Researchers have developed and validated a model that predicts relapse in women with stage 2 or 3 breast cancer who have been treated with endocrine therapy prior to surgical removal of the tumor, according to a study published online September 23 in the Journal of the National Cancer Institute. The preoperative endocrine prognostic index (PEPI) may help identify women who can safely avoid chemotherapy and those women at high risk of relapse who should be considered for aggressive therapy.
Oncologists increasingly treat women with stage 2 and 3 estrogen receptor (ER)-positive breast cancer with endocrine therapy, such as tamoxifen or letrozole, prior to surgery to shrink the tumor. Researchers have not known whether a woman's response to such therapy correlated with her risk of relapse in the future.
In the current analysis, Matthew Ellis, Ph.D., of the Washington University School of Medicine in St. Louis and colleagues examined surgical tumor samples from two previous studies in which women received endocrine treatment for several months prior to surgery. The team analyzed tumor samples from posttreatment surgery for ER status, histological grade, pathological grade, tumor size, nodal stage, treatment response, and Ki67 expression level, which is an indicator of cell proliferation. They tested these characteristics for an association with relapse-free survival and overall survival in 158 women treated in the P024 neoadjuvant trial and used the data to develop PEPI. They validated the model in 203 women previously treated in another clinical trial known as IMPACT.

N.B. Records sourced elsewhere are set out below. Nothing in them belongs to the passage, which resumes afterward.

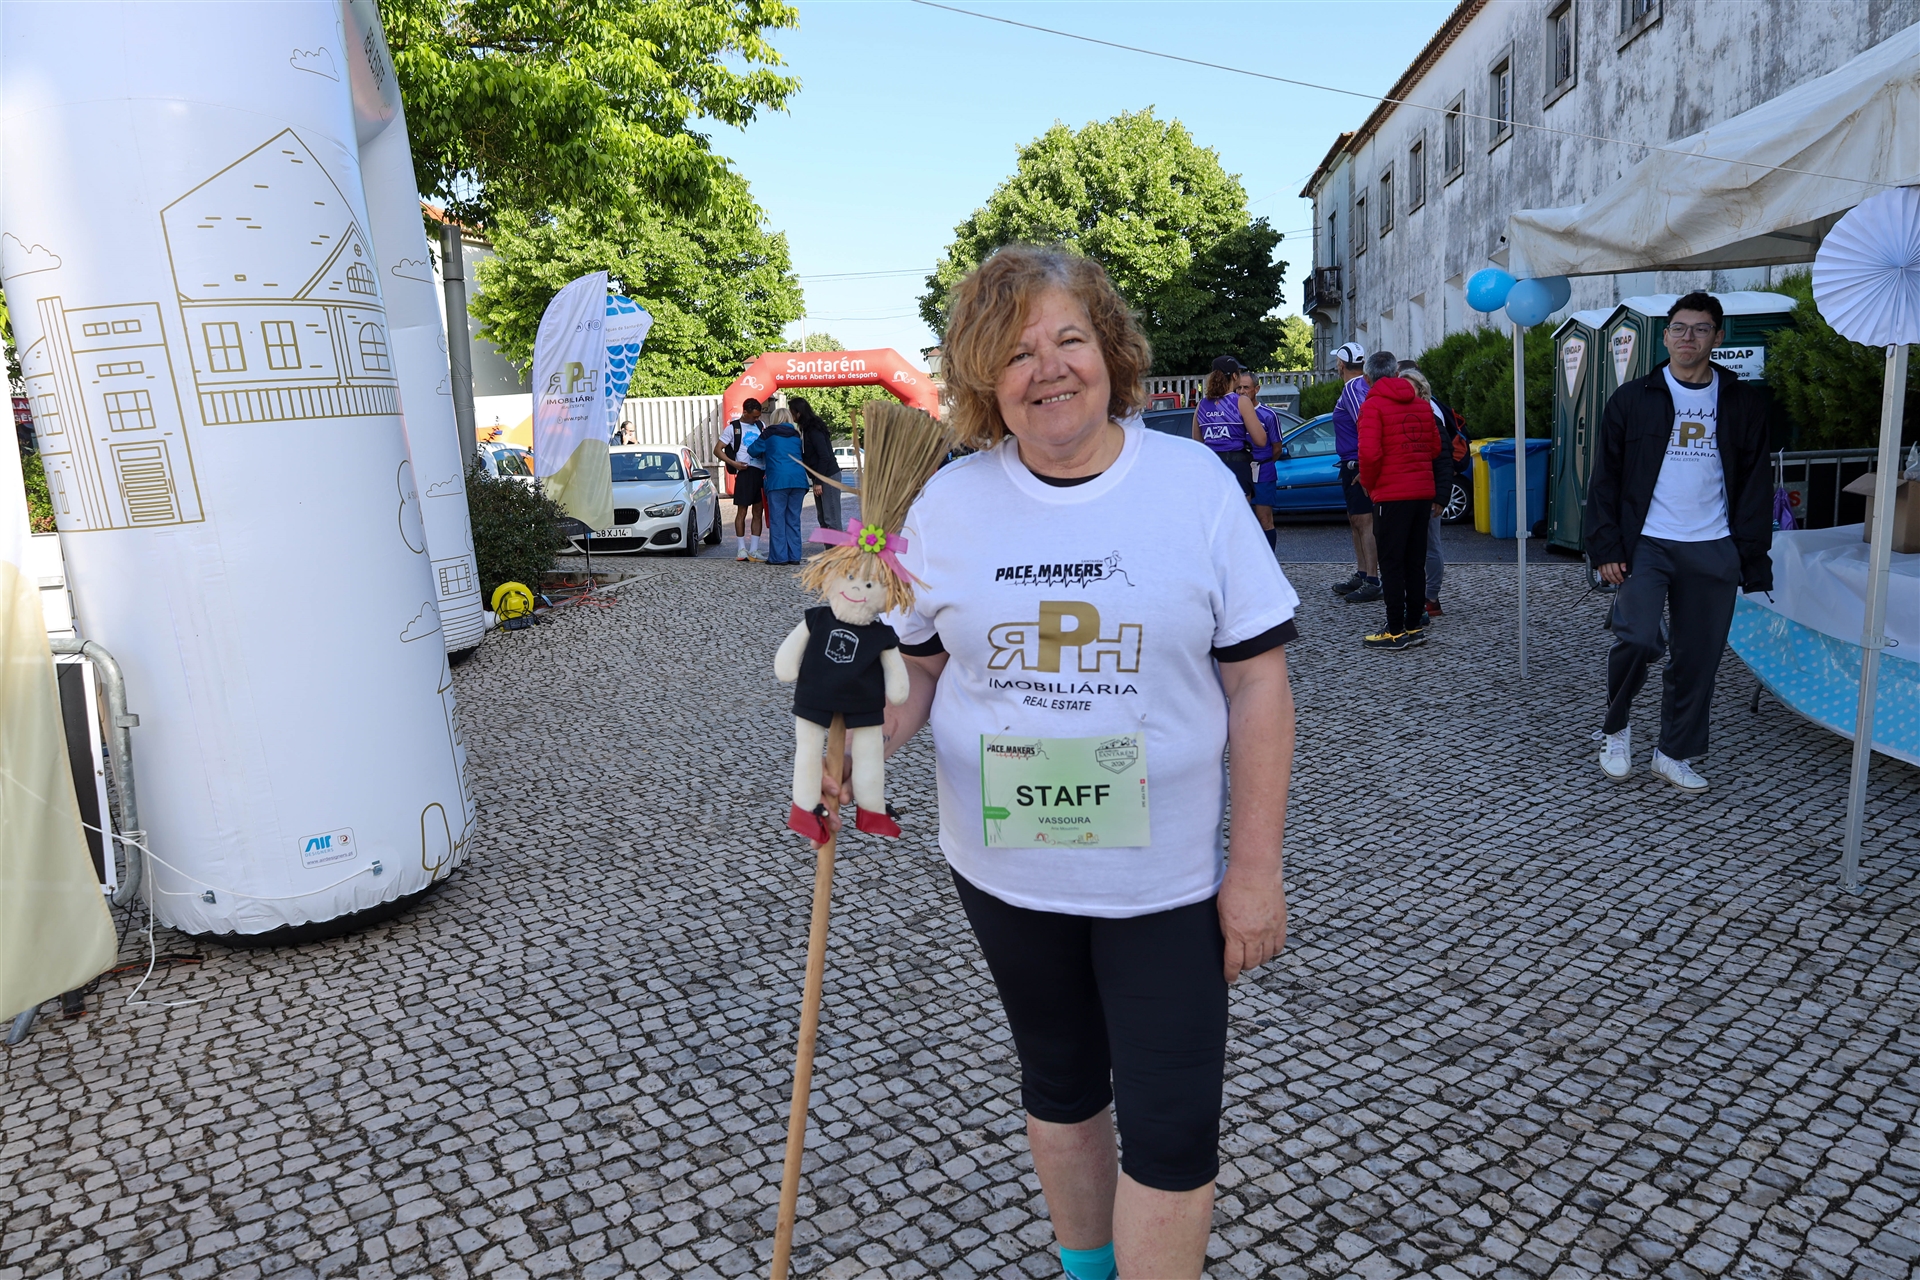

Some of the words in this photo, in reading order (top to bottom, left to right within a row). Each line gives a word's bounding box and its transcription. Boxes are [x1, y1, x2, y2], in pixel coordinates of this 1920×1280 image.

[1711, 350, 1754, 360] ENDAP
[786, 356, 866, 373] Santarém
[1665, 450, 1717, 459] OBILIÁRIA
[988, 677, 1138, 695] IMOBILIÁRIA
[1023, 695, 1048, 708] REAL
[1051, 699, 1092, 711] ESTATE
[1016, 784, 1110, 807] STAFF
[1038, 816, 1091, 824] VASSOURA
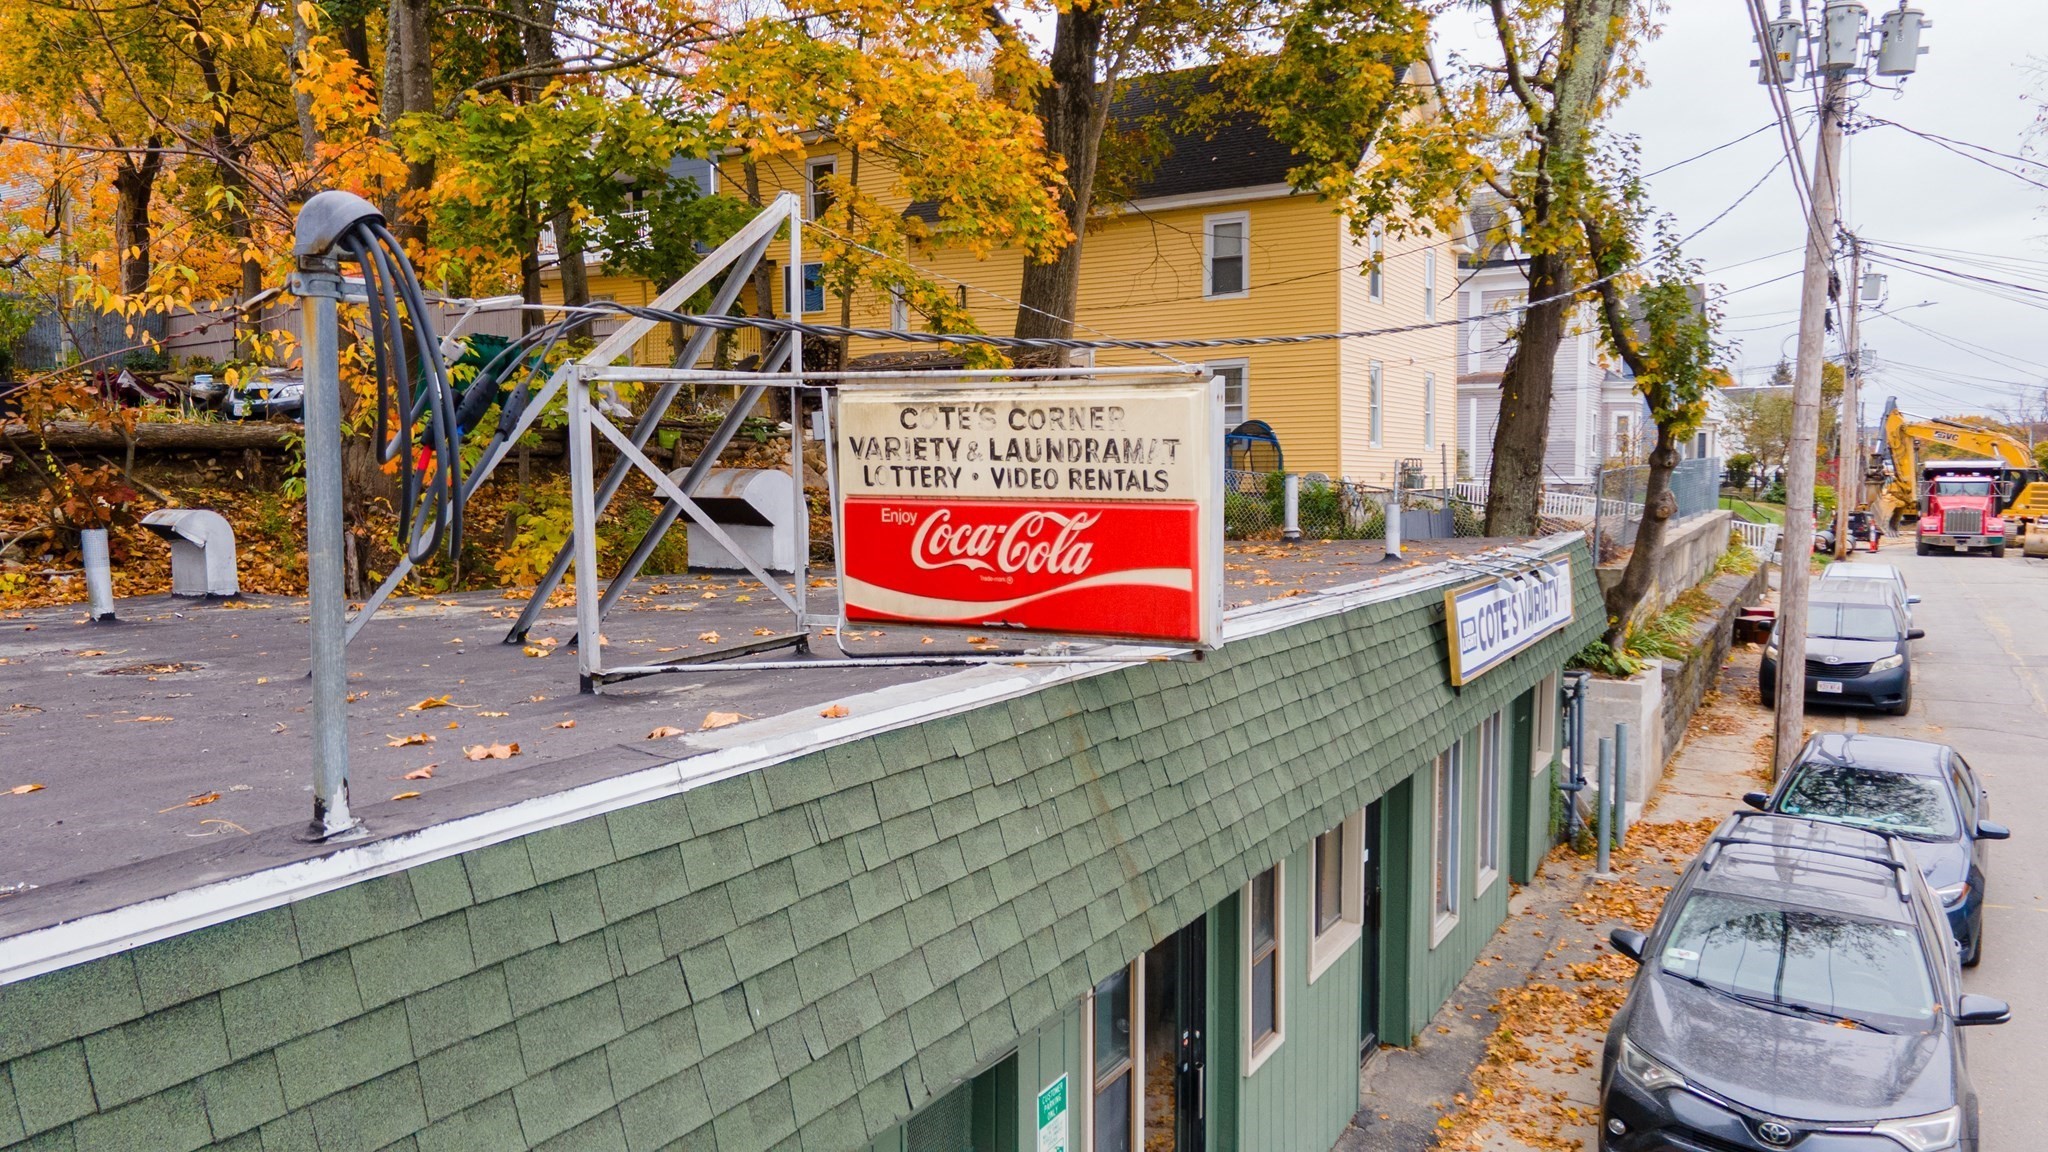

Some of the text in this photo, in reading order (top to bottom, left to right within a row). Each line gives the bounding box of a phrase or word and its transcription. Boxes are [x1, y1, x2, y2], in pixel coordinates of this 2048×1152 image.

[900, 405, 1126, 432] COTE'S CORNER
[848, 436, 961, 462] VARIETY
[967, 441, 983, 462] &
[863, 464, 1169, 493] LOTTERY VIDEO RENTALS
[880, 507, 918, 527] Enjoy
[911, 508, 1103, 576] Coca-Cola
[1478, 594, 1519, 651] COTE'S
[1518, 577, 1560, 630] VARIETY
[1043, 1092, 1062, 1114] PARKING
[1047, 1106, 1059, 1121] ONLY
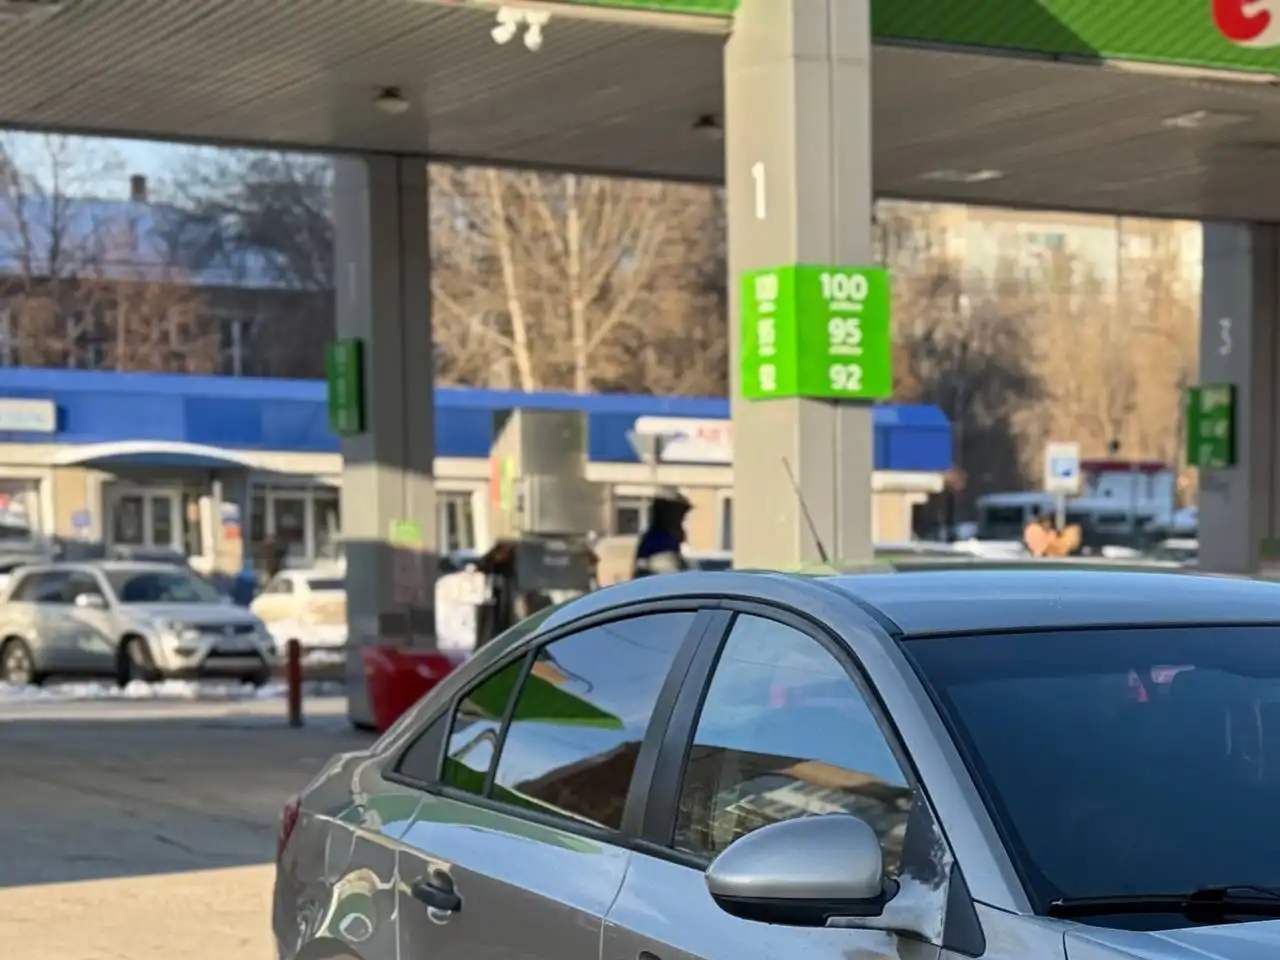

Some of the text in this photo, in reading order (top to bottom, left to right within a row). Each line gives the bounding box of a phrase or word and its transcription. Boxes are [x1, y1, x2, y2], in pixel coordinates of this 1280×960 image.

[752, 161, 767, 219] 1
[819, 273, 869, 300] 100
[827, 316, 863, 344] 95
[828, 363, 864, 391] 92

Pathological tumor stage, nodal status, Ki67 expression level, and ER status in posttreatment specimens were independently associated with relapse-free survival; the PEPI model incorporates these characteristics. PEPI was a statistically significant predictor of relapse-free survival in the women in the IMPACT study. None of the women with the lowest PEPI score in the IMPACT trial had relapsed during the follow-up period, which was a median of 60.3 months. The researchers need longer follow-up data to validate PEPI's ability to predict overall survival.
"Of particular note, patients with low pathological stage (stage 1 or 0) and a favorable biomarker profile (PEPI score 0) at surgery had such a low rate of relapse that further adjuvant systemic therapy beyond continuation of an endocrine agent appears unnecessary," the authors write. "In striking contrast, patients with high pathological stage disease at surgery and a poor biomarker profile (PEPI group 3) had a statisti¬cally significant higher risk of early relapse, more typical of ER [negative] disease, and therefore should be offered all appropriate adjuvant treatments available."
Given the robust associations, the researchers suggest that prospective validation of the model is warranted. If validated in a prospective manner, PEPI could help guide individual treatment and assess novel endocrine therapies in future clinical trials.